UNITED STATES—“Tabula rasa” is one of my favorite “common sense” concepts and I throw the term around a lot, especially in regards to how children are PROGRAMMED by parents.

Merriam-webster defines TABULA RASA as; “the mind in its hypothetical primary blank or empty state before receiving outside impressions.” The concept is said to have been around long before the 17th century, but it came to be a popular and promoted belief by one of history’s important men.

John Locke (yes, the “Lost” character was probably named after him) was a forward thinker whose words would fuel many future philosophies, including Thomas Jefferson’s Declaration of Independence!

In his essay concerning Human Understanding, Locke famously said  “knowledge was not the discovery of anything either innate or outside of the individual, but simply the accumulation of “facts” derived from sensory experience.” That meant neither BAD nor GOOD was predetermined at birth as previously believed.

History looks back onto John Locke as an “educationalist” who NOT ONLY proposed the idea of a child’s imagination being important, but his theories influenced “thinkers and writers” all over the world!

The concept of a child having an empty mind that is “written on” really goes all the way back to Aristotle, who said (in reference to the human soul) “what it thinks must be in it just as characters may be said to be on a writing-tablet on which as yet nothing stands written: this is exactly what happens with mind.”

To me it is BEYOND common sense that children are taught both positive and negative traits by those in authority over their lives, but that does not stop the fact that tabula rasa has been debated by those who give credence to the theory that humans are born with “innate knowledge” or ideas that are basic human knowledge.

Of course, arguing over such things is a COLOSSAL waste of time.
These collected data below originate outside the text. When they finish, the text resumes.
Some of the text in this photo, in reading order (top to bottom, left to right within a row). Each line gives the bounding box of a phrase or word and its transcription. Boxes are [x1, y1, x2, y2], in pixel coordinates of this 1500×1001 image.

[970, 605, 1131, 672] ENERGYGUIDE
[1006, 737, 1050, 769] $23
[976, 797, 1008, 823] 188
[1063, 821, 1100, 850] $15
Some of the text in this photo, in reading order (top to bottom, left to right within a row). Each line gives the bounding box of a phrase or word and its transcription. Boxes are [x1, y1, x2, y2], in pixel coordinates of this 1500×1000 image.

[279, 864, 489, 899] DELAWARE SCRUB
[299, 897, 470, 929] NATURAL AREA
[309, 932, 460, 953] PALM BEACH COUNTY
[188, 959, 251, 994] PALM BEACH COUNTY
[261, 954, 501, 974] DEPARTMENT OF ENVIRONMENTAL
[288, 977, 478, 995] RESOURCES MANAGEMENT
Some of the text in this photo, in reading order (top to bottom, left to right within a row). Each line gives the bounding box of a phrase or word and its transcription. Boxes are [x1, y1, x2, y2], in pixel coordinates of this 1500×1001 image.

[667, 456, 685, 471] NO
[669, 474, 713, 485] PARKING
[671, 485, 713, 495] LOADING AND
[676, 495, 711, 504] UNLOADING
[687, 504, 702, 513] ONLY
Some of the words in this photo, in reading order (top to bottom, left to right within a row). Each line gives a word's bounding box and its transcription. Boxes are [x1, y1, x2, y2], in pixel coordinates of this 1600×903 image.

Do we have innate knowledge as Rene Descartes argued? YES! We do not to need to learn how to breathe: each of us possess physiological processing that is pre-established. On the other hand we also have a blank slate, as in there are many things we do not know, or know how to do until we are taught. Like driving, that you can’t eat a rock, or that every Sunday you give a percentage of your paycheck to the church.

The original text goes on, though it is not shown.